In case you haven’t noticed, Mario is back on a new adventure. Super Mario Odyssey sees the Italian plumber traversing different lands with unique settings, inhabitants, and themes while collecting coins, stomping goombas, and… possessing dinosaurs? Nintendo has clearly lost its collective mind, but honestly, after getting some hands-on time with the game on the E3 show floor, I’m happy for them and support their insanity. As far as I’m concerned, Super Mario Odyssey is to the Mario series what Breath of the Wild was to Zelda: a familiar concept taken to an extremely new level of polish and interactivity. Don’t look now, but what could potentially be the best 3D Mario game is right around the corner with its eyes set on your free time. I sincerely hope you can find a Switch if you haven’t already.

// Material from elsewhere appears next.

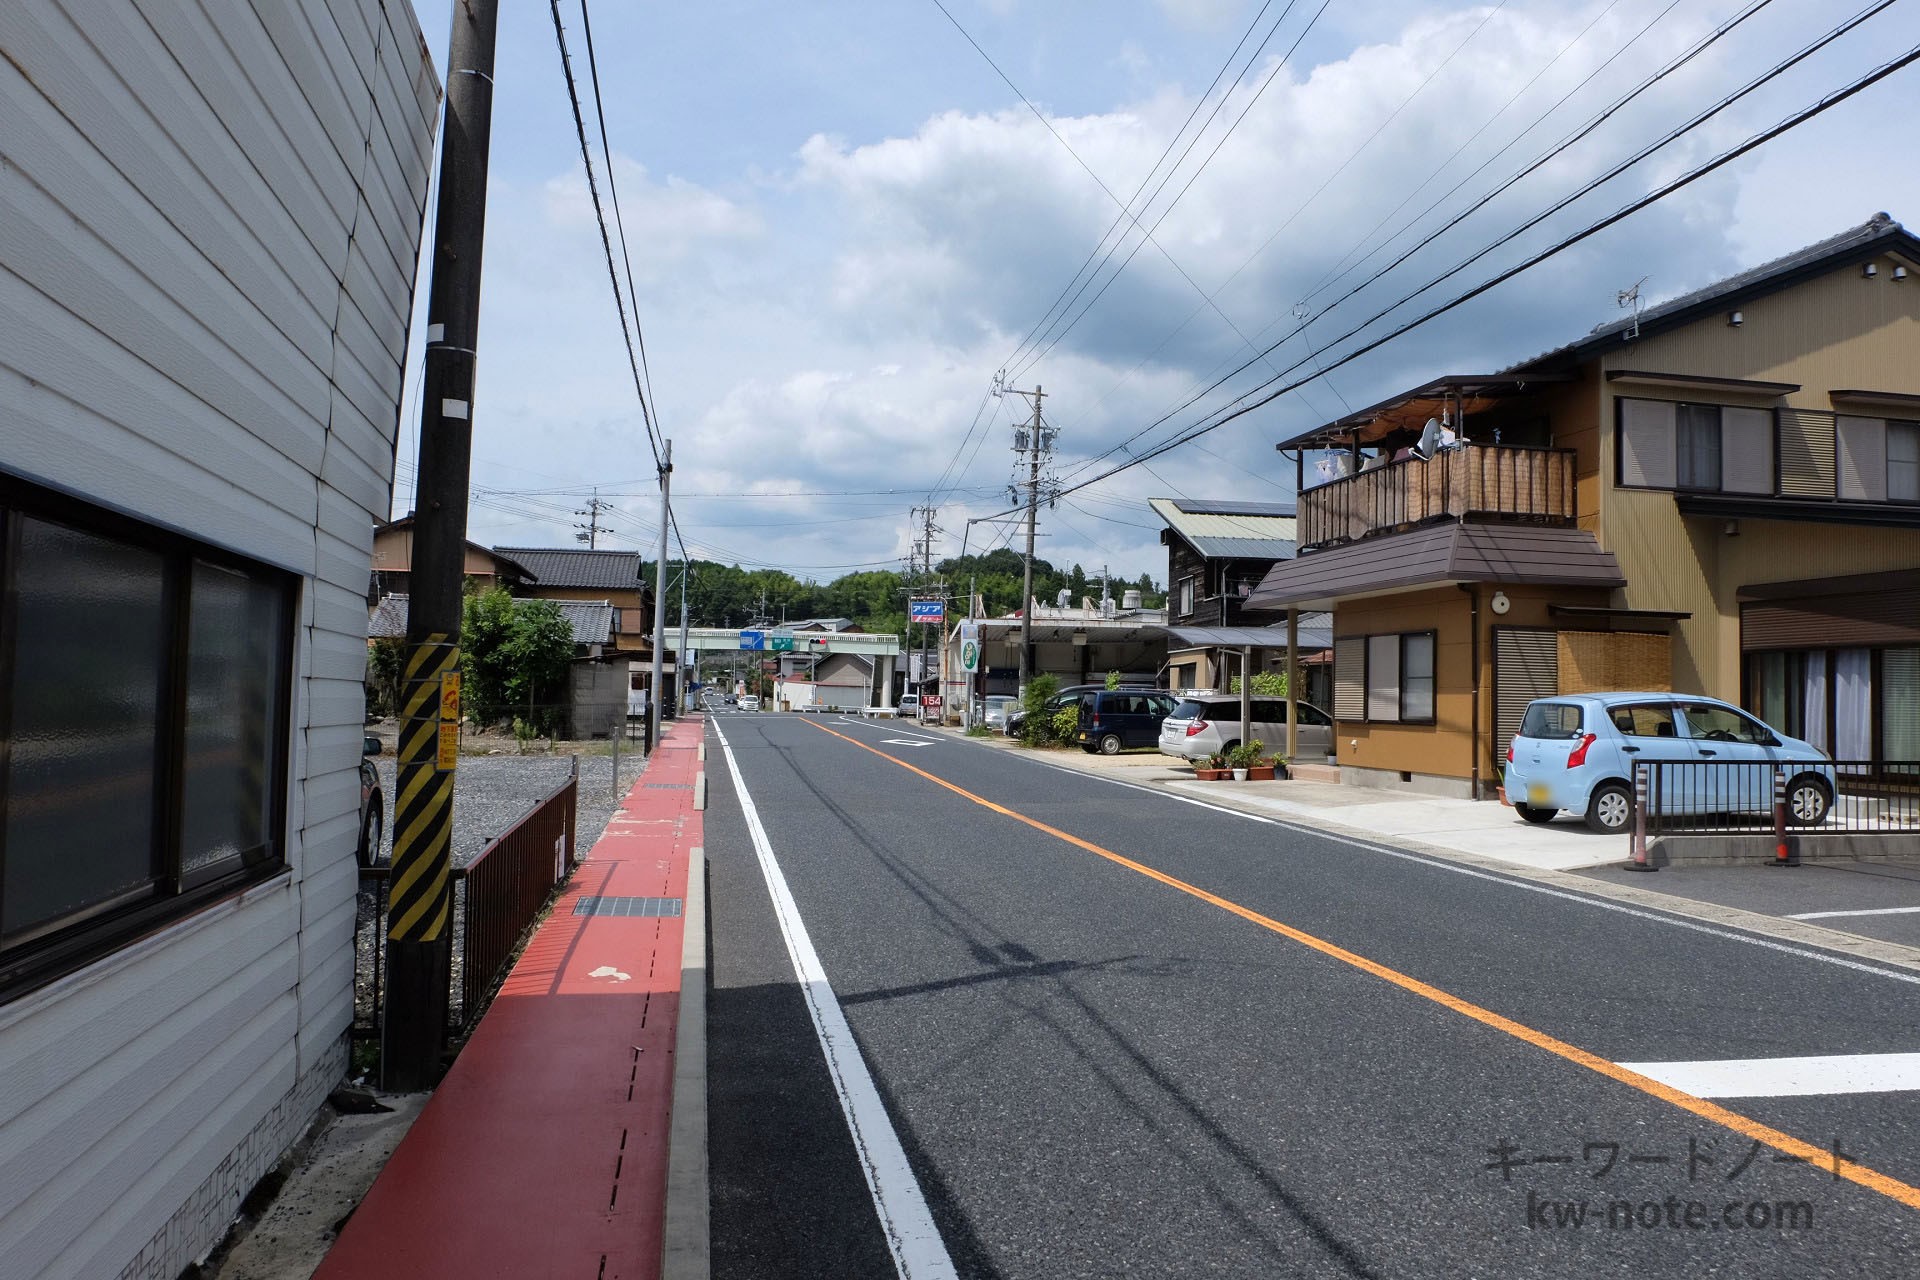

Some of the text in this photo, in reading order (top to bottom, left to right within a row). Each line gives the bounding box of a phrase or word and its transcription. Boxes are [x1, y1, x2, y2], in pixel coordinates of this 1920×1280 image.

First things first, Super Mario Odyssey is my personal game of the show, and there was some pretty stiff competition this year with titles like Assassin’s Creed: Origins, Detroit: Become Human, and Star Wars Battlefront II. The demo consisted of two stages, New Donk City and the Sand Kingdom, and I opted to try the latter as I had just watched another player wreak havoc in the city. Immediately, I was taken back by how beautiful the game is up close and personal. Nintendo pulled no punches creating these gorgeous new worlds, easily making this the best looking Mario game to date. Everything was crisp, colorful, beautifully animated, and running at a silky smooth 60 frames per second as the portly plumber ran through the desert.

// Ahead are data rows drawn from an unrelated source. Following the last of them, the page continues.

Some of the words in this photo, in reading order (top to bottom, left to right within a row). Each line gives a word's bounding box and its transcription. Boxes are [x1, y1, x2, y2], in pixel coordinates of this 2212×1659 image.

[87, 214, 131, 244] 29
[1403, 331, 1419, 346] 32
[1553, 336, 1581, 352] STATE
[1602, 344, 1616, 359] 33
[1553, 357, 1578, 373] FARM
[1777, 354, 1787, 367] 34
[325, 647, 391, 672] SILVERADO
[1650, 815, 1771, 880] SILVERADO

The act of simply making him run around was a pure delight. The joy-con controls are spot on, using the left analog stick and face buttons in usual 3D platforming fashion to perform long jumps, back flips, a new rolling technique, and to throw Mario’s new companion, Cappy. Motion controls are present and used for a variety of techniques, most notably throwing Cappy at different velocities and angles including a spin throw useful for clearing out mobs of goombas. As simple as the controls are, they offer a surprising amount of depth. My only gripe is that the joy-con analog sticks feel a bit loose in relation to Mario’s actions, making it a bit difficult to control his speed at times. It’s not a major concern by any means, though, taking very little time to get used to.

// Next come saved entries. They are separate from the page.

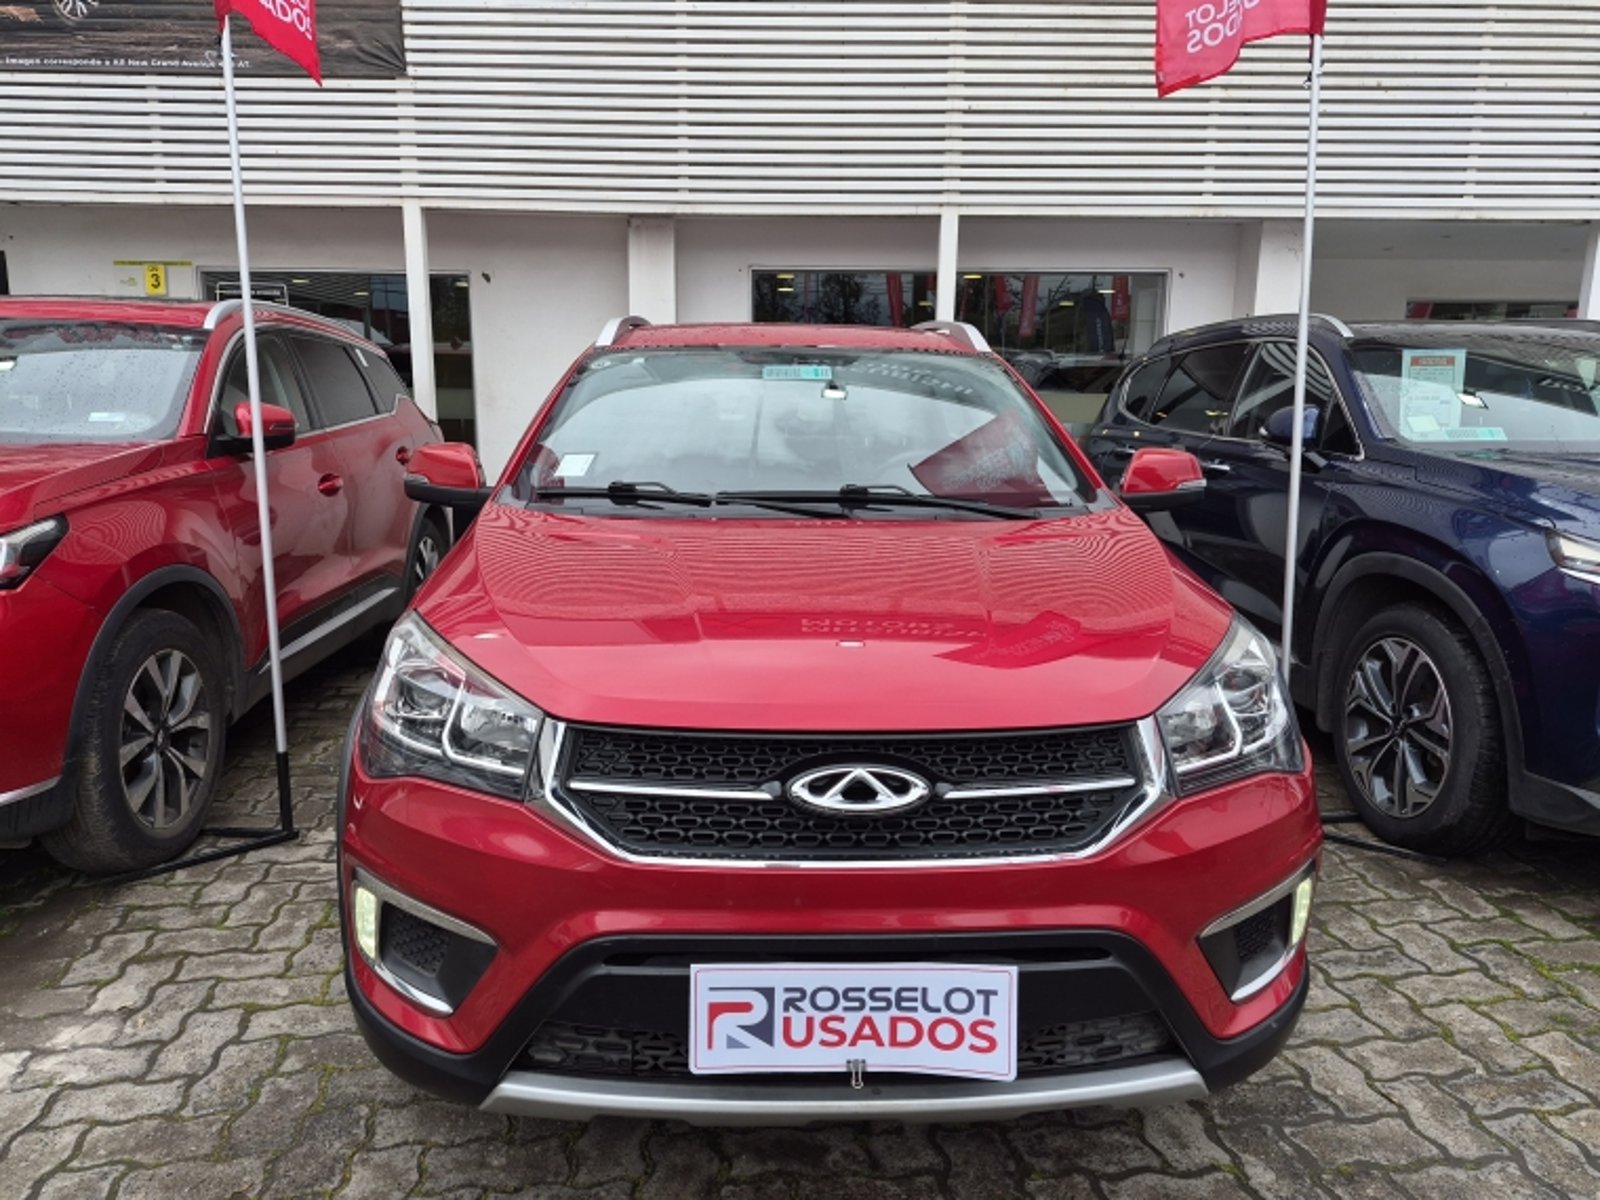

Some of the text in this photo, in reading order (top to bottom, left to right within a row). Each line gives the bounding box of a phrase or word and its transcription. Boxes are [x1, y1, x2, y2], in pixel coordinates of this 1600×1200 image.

[5, 56, 41, 66] Imagen
[43, 57, 102, 67] corresponde
[151, 273, 161, 289] 3
[783, 986, 999, 1016] ROSSELOT
[783, 1016, 998, 1054] USADOS

Odyssey takes a page from the book of the adventure style Mario platformers. N64’s Super Mario 64 and Gamecube’s Super Mario Sunshine allowed players to tackle collecting stars in a myriad of ways. If you’ve ever followed the speedrunning communities for those titles you’ll recall the many unintentional ways some stars are collected. Nintendo basically took this idea of going off the beaten path and built this new adventure around the idea of throwing players into a sandbox and just saying “go nuts”. Instead of collecting stars, you collect “Power Moons” to fuel the titular Odyssey, a hat shaped airship used to travel to different worlds. Power Moons can be found just about anywhere ranging from being hidden in crates to a reward for finishing a challenging quest. Each moon is given a unique title and marked with a date stamp upon collection, and you can continue to explore the stage instead of being kicked out like previous titles, which is a welcome addition. Apparently, there are a lot of Power Moons to collect. We may have another Korok seed situation on our hands.
Nintendo threw a bit of a curve ball at us with the reveal of the newest trailer of Super Mario Odyssey (check it out below if you haven’t yet), featuring a new mechanic where Mario can take control of other objects, people, and even enemies. Known as “Capturing”, this technique adds a level of interactivity and gameplay opportunities never before seen in a Mario title and elevates an already stellar experience to even greater heights. One challenge has you capturing a man playing with an RC car to collect a prize at the end of a tricky maze. Another has you take control of a Bullet Bill in order to fly to a Power Moon hanging out on a hard to reach ledge. One of my favorite challenges involved capturing a glasses wearing statue that could see invisible paths and blocks while the sunglasses were on while reducing walking speed. Taking the glasses off made paths disappear but gave back normal walking speed. The challenge was to simply find five hidden tokens and was easy enough to complete, though it took me a while since I was laughing so hard at the statue’s animations.
In fact, I was laughing or at least grinning from ear to ear the entire playthrough. Mario games tend to have an uncanny sense of charm that can bring forth joy from even the most jaded gamer. Super Mario Odyssey oozes charm and was such a joy to experience it rocketed to the top of my most anticipated list of games in 2017, and yes, that even includes even Cuphead. The superb graphics, amazing music, expressive animations, and the phenomenal addition of the capture mechanic won me over very quickly, and I can’t wait until it releases October 27th. Again, if you haven’t procured a Switch yet, now may be the time to start that storefront camping and scalper appreciation club you’ve been thinking about.